Scott’s was not the only British gold of the night, Ben Proud opening Team England’s account in the pool by winning the 50m butterfly a matter of weeks after being crowned world champion in the 50m freestyle.
And having questioned his future after his Tokyo disappointment, Proud was in reflective mood.
He said: “It’s a weird one. On paper it’s just another gold medal but to me this is an eight-year legacy that I’ve just completed.”
The race of the night on Sunday will be the men’s 100m breaststroke, with Adam Peaty the red-hot favourite after proving his fitness following his broken foot.
He appears to have won his race against time, qualifying fastest from the semi-finals, and while he admitted there is still occasional pain in his foot, Peaty is ready to do what he does best and wow the crowd in the final.

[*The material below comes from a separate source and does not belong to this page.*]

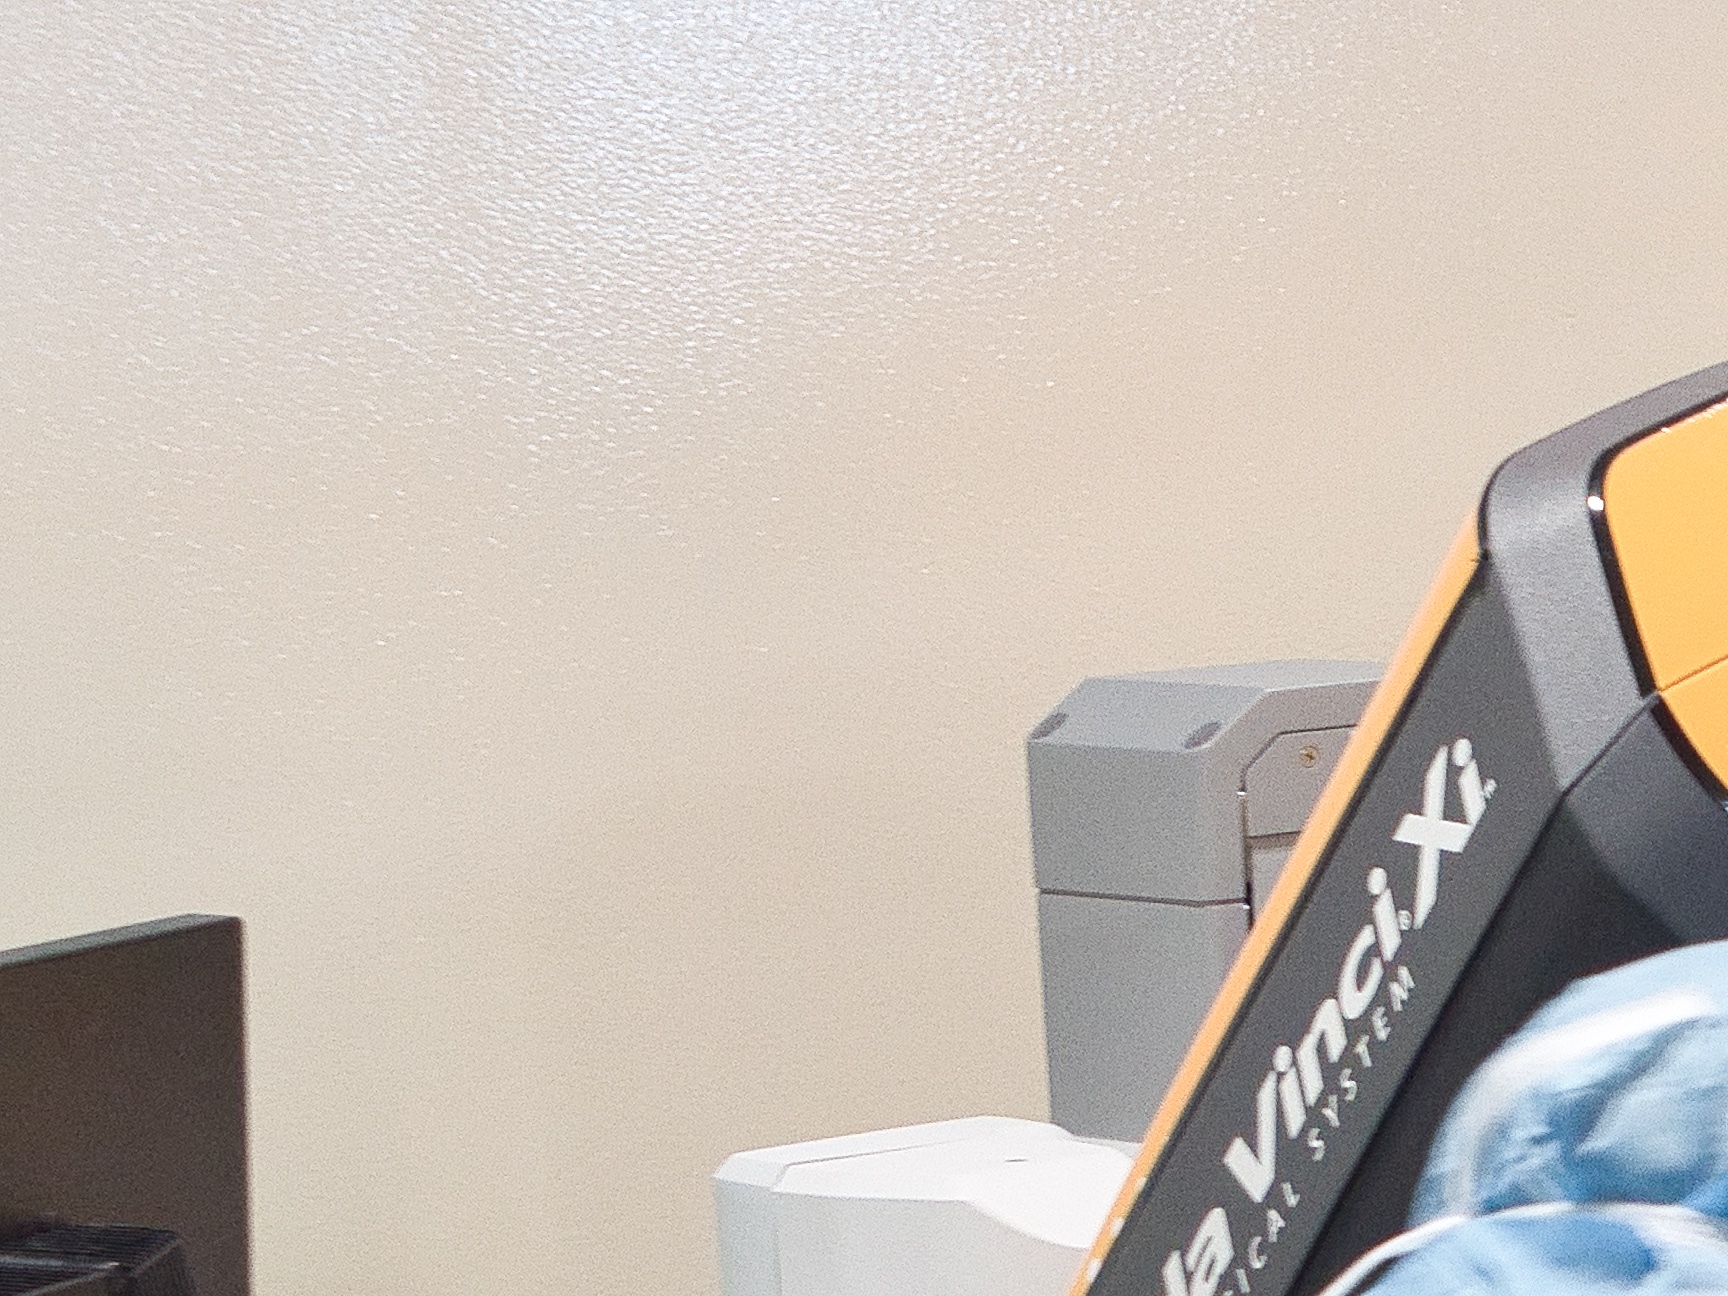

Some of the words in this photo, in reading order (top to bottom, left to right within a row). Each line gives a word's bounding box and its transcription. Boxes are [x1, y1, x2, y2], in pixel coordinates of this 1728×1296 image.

[1223, 866, 1402, 1203] Vinci
[1392, 737, 1487, 931] Xi
[1306, 964, 1416, 1162] SYSTEM
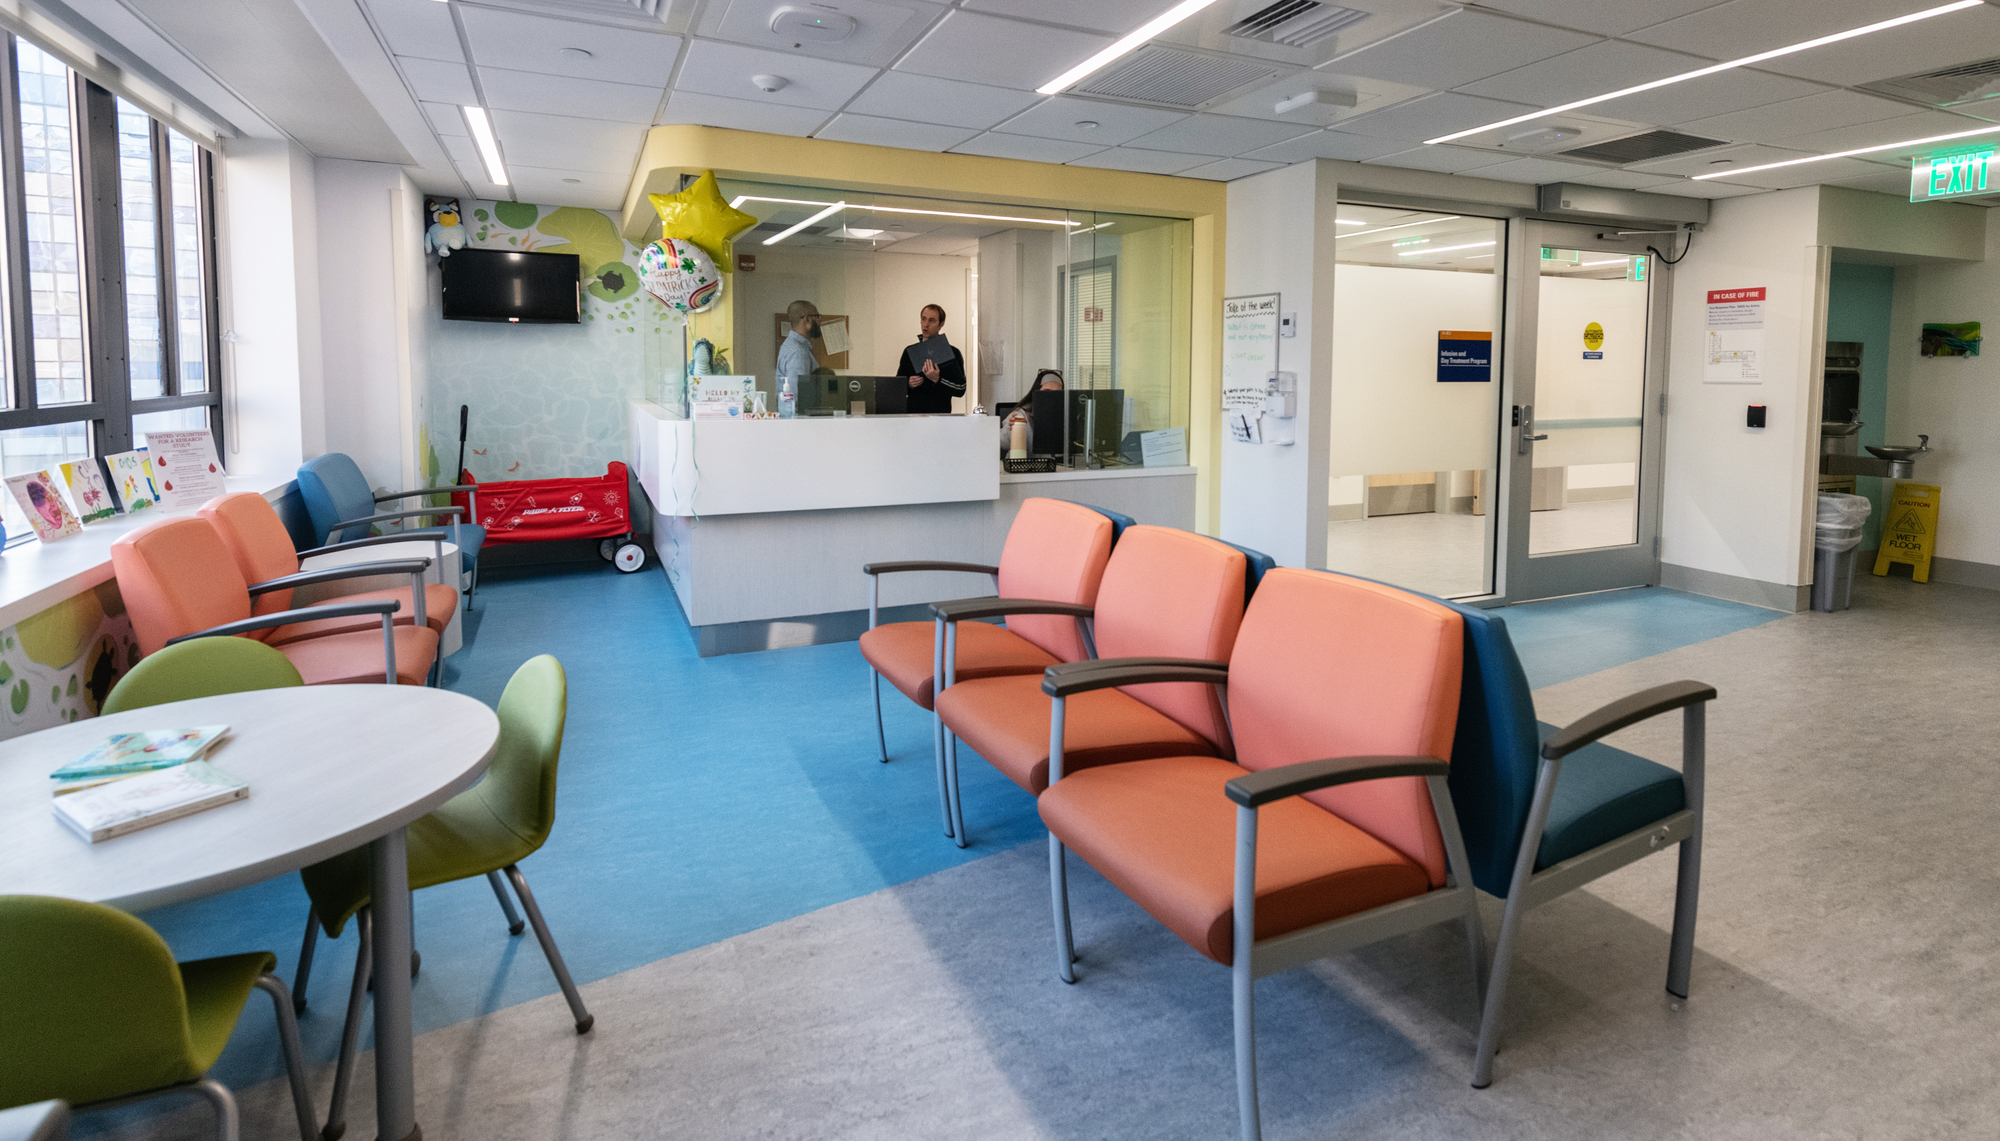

He said: “My front end feels rustier than it normally would in a Championship but I realise, it’s not about the times, it’s about enjoying the crowd and giving the crowd a show.”
Elsewhere Imogen Clark won silver for England in the women’s 50m breaststroke while Brodie Williams did the same in the men’s 100m backstroke.
And in the S13 para swimming, Hannah Russell took the silver medal in the 50m freestyle, with Stephen Clegg matching her in the men’s equivalent.
Finally, England took silver medals in the men’s and women’s 4x100m freestyle relays, beaten by Australia on each occasion.